Print the full set of records below, character for character and picture-free.

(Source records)
● ● ● ●
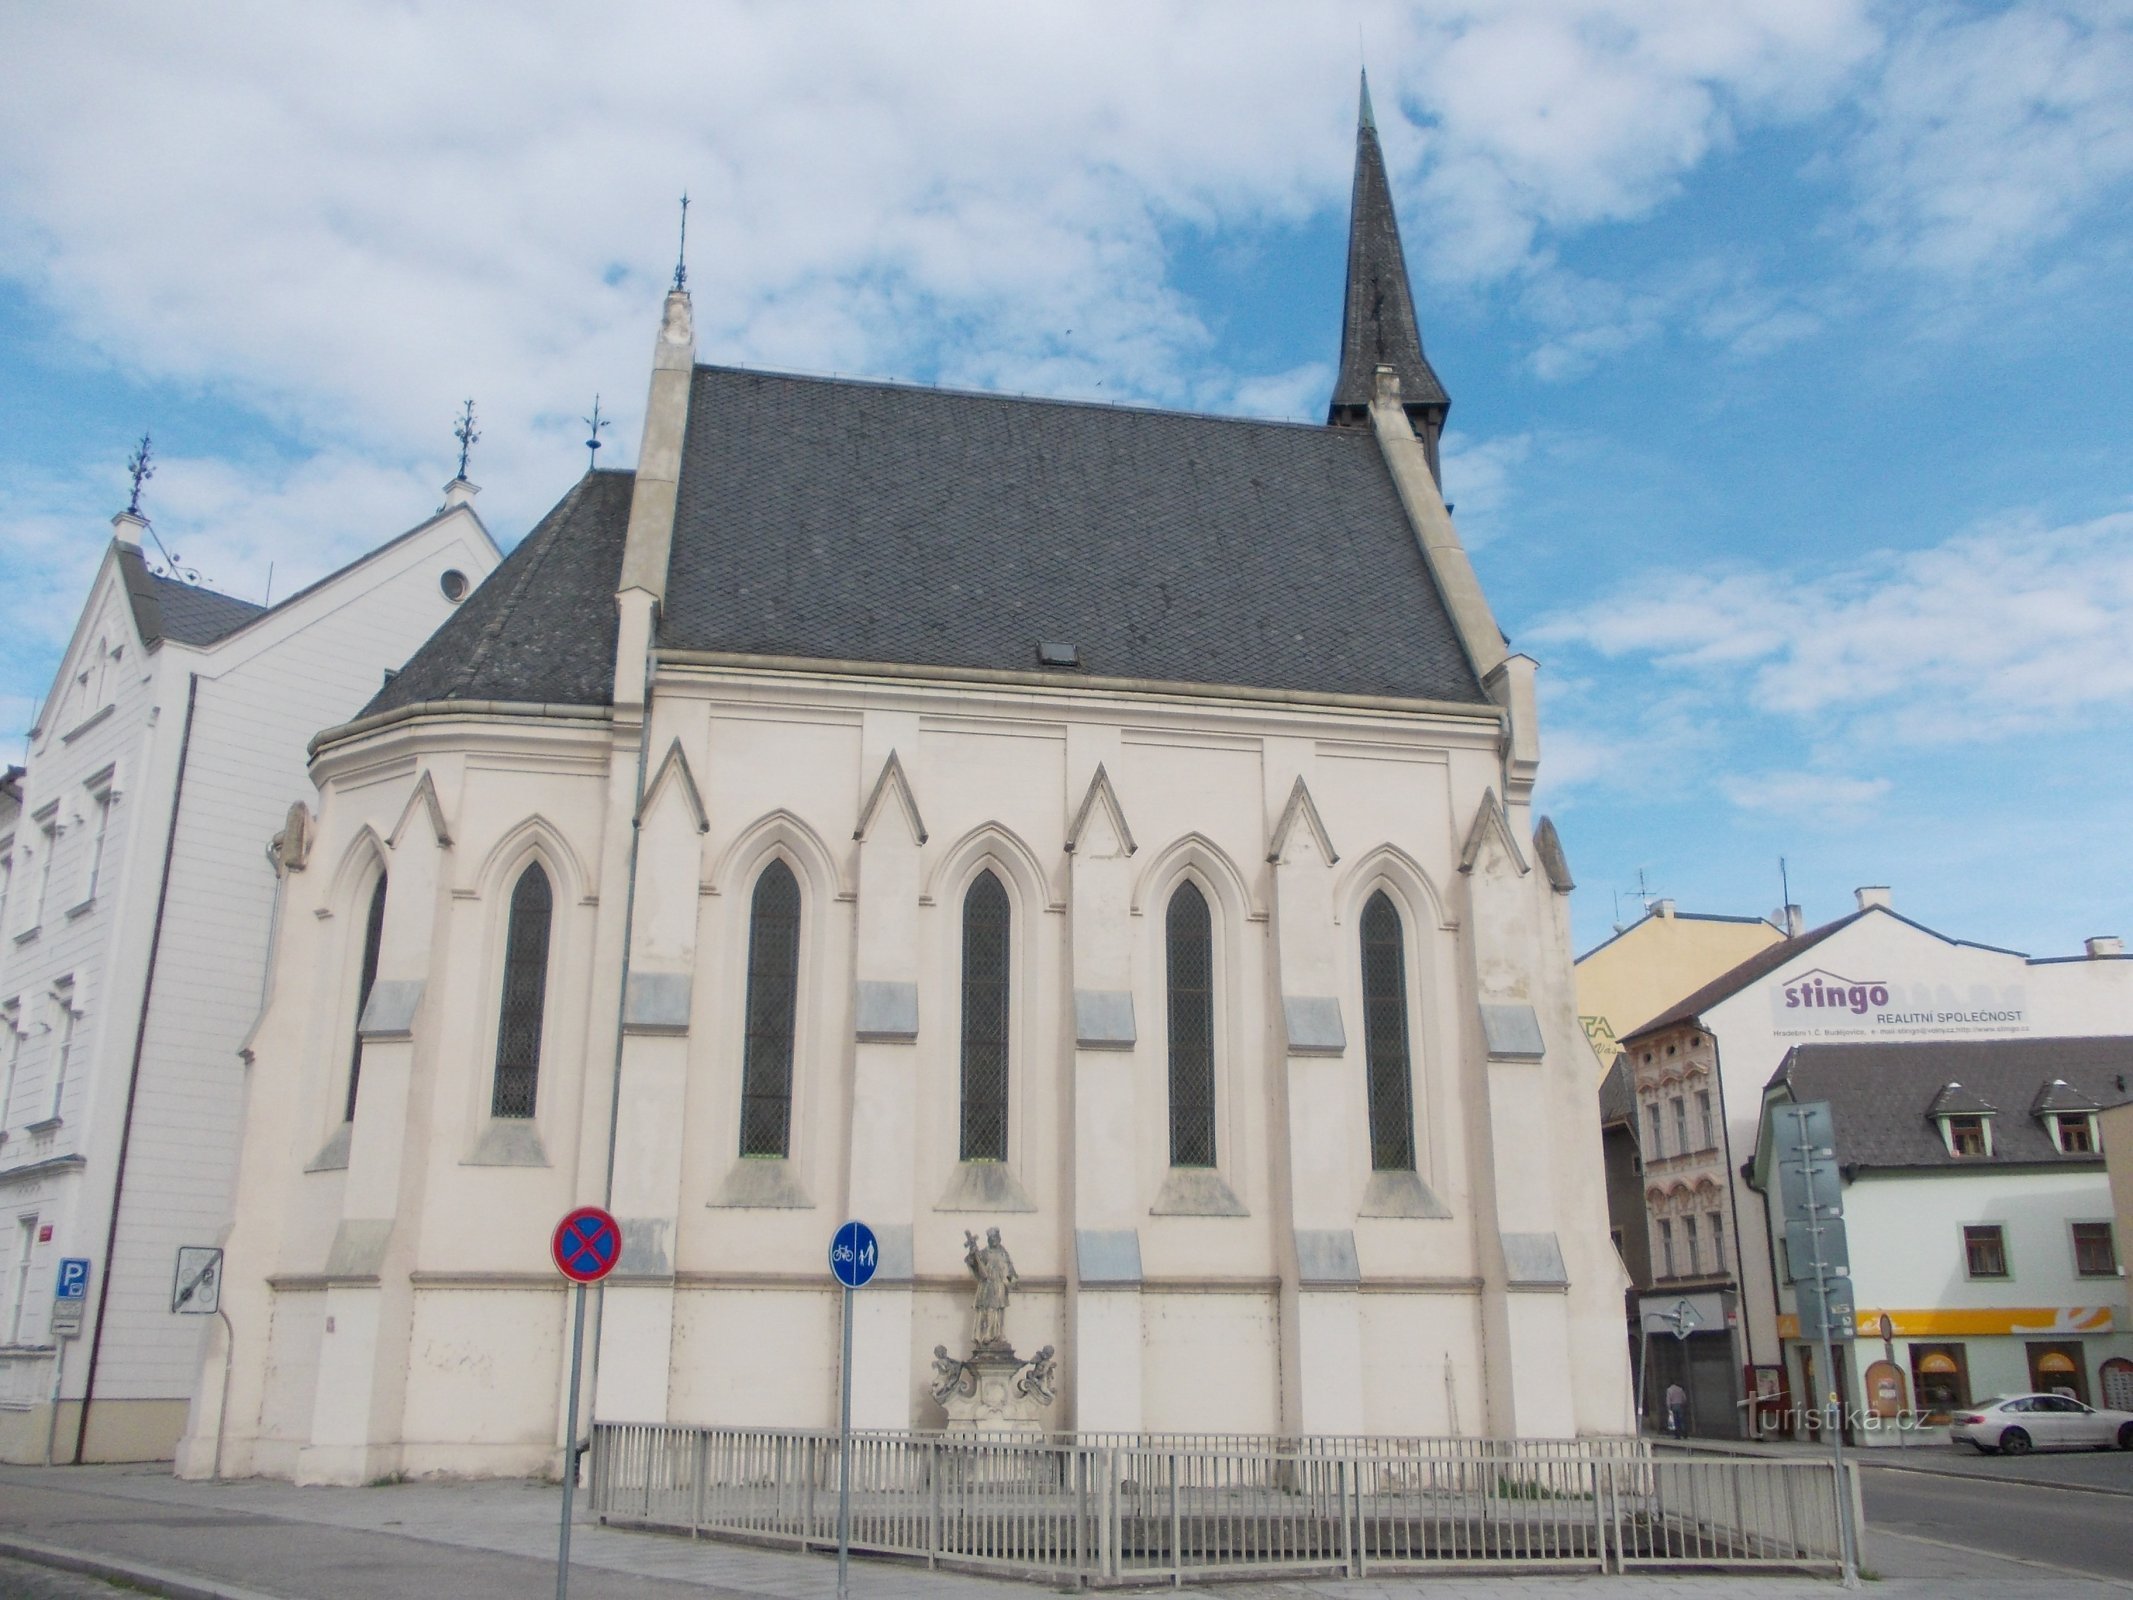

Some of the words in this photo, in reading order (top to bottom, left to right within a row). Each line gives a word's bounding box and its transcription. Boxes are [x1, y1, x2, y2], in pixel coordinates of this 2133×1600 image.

[1785, 978, 1889, 1014] stingo
[1877, 1010, 1934, 1024] REALITNÍ
[1937, 1008, 2023, 1023] SPOLEČNOST
[64, 1263, 83, 1286] P
● ● ● ●
(Exercise answer):
Some of the words in this photo, in reading order (top to bottom, left to right within a row). Each line gives a word's bounding box and its transcription. Boxes are [x1, y1, x2, y2], in pixel coordinates of this 2133×1600 image.

[1785, 978, 1889, 1014] stingo
[1877, 1010, 1934, 1024] REALITNÍ
[1937, 1008, 2023, 1023] SPOLEČNOST
[64, 1263, 83, 1286] P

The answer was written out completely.